A builder is something helping you to avoid too many constructors by letting you to build your object incrementally. You seem to need exactly three constructor for you object and your non-builder has them all.

Typically, a builder has a single no-args constructor and a bunch of setters for the incremental build-up. Sometimes, multiple constructors are useful for setting some "remarkable" properties upfront.

A builder typically has no getters, as you hardly ever care what's inside. When building the main object, it either passes all fields one-by-one or access them directly (the builder is pretty always in the same package and usually even in the same file, so it access private fields).

A builder has pretty always a method build(). It gets used as it's damn convenient to write things like

Person adam = Person.builder()
.name("Adam Savage")
.city("San Francisco")
.job("Mythbusters")
.job("Unchained Reaction")
.build();

A builder does make little sense without the main object being immutable. The immutability gets usually enforced by using final fields.

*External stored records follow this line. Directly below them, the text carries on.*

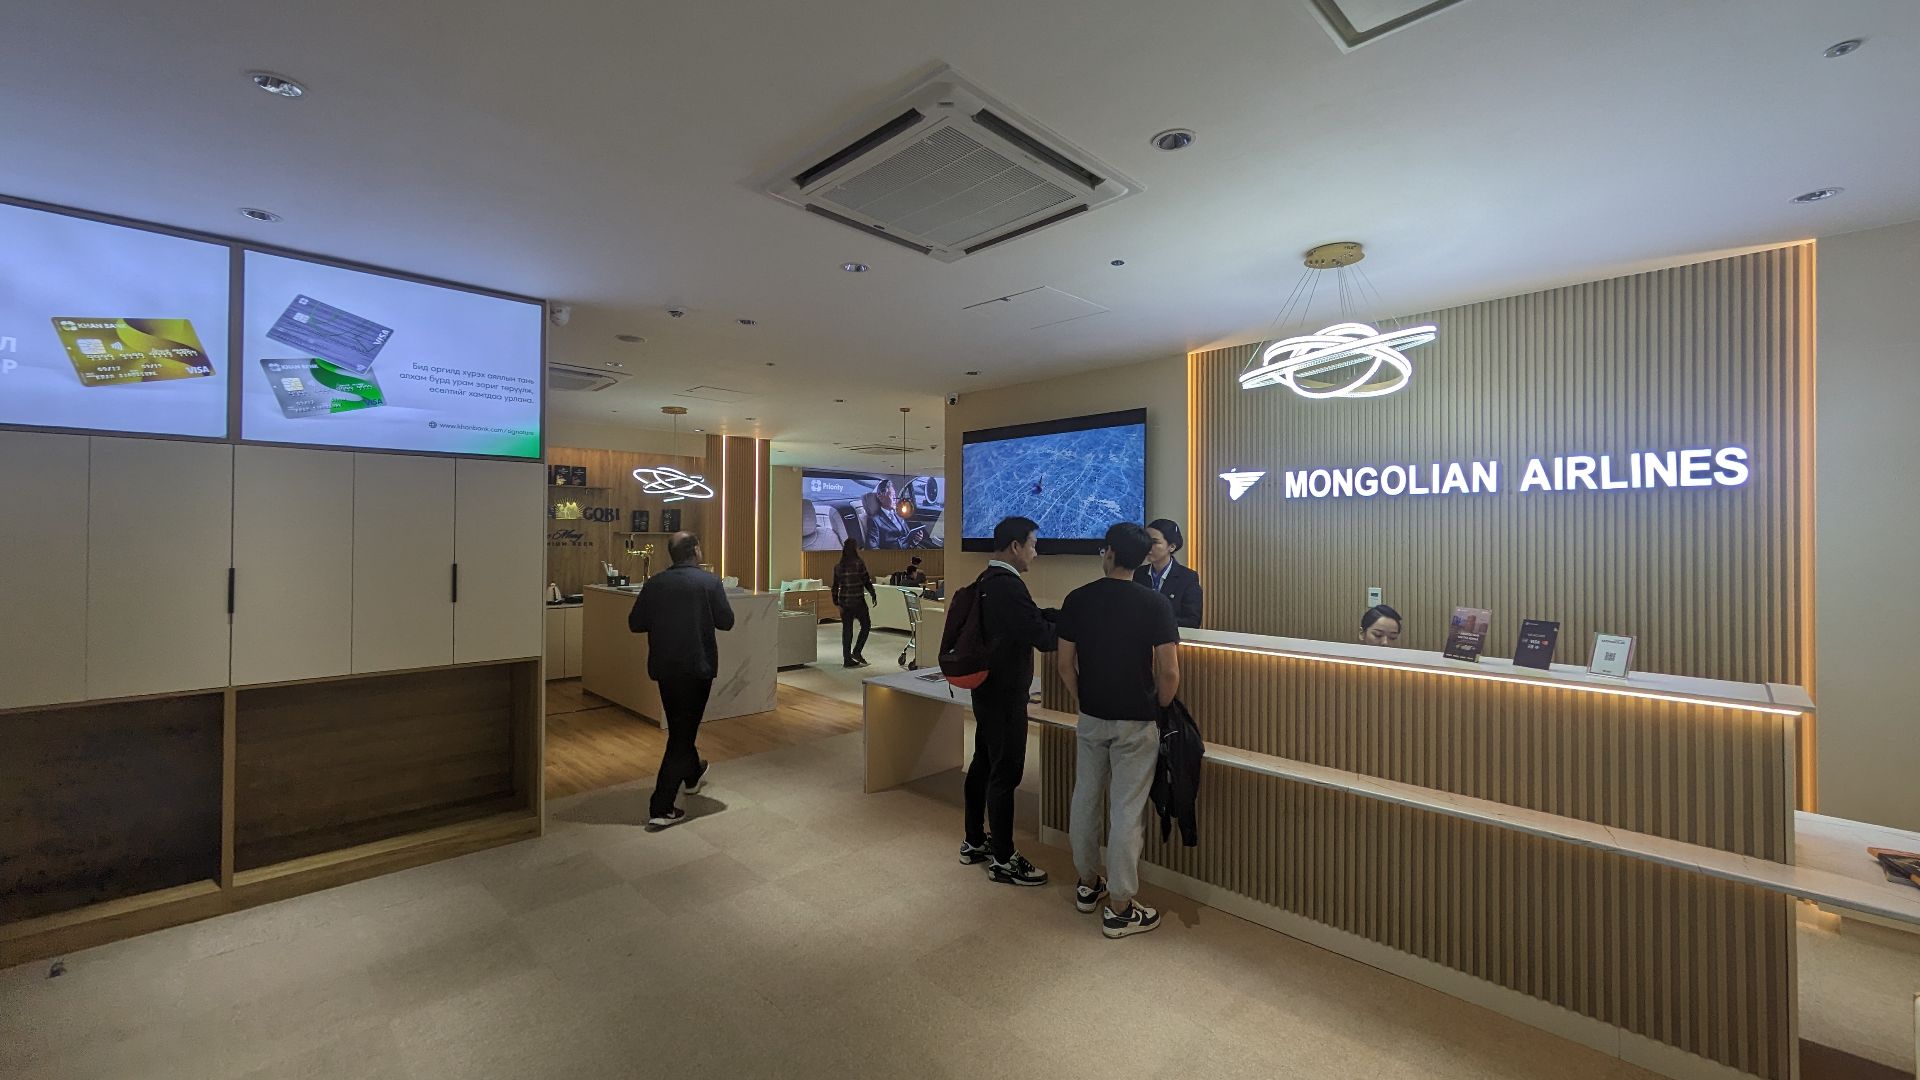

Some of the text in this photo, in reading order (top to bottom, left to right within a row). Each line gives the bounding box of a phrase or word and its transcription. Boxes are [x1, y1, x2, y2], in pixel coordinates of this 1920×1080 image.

[373, 329, 390, 345] VISA
[185, 365, 210, 374] VISA
[412, 362, 429, 371] Бид
[430, 365, 461, 376] оргилд
[399, 373, 427, 381] алхам
[452, 379, 474, 388] урам
[1285, 446, 1749, 499] MONGOLIAN AIRLINES
[822, 482, 844, 493] Priority

Fields should normally be private. I strongly recommend making everything as private as possible; lifting restrictions later is trivial, unlike the other way round.


When dealing with such objects, I prefer letting a tool take care of the boilerplate, e.g., a Builder from Lombok does a nice job. You code could be

@Value @Builder
public class GameObject {
    private final boolean isHidden;
    private final Coordinate position;
    private final int pictureWidth, pictureHeight;
    private final Object filling;

    public void paint(Graphics gr) throws IOException {
        ...
    }
}

and a builder gets generated as an nested class.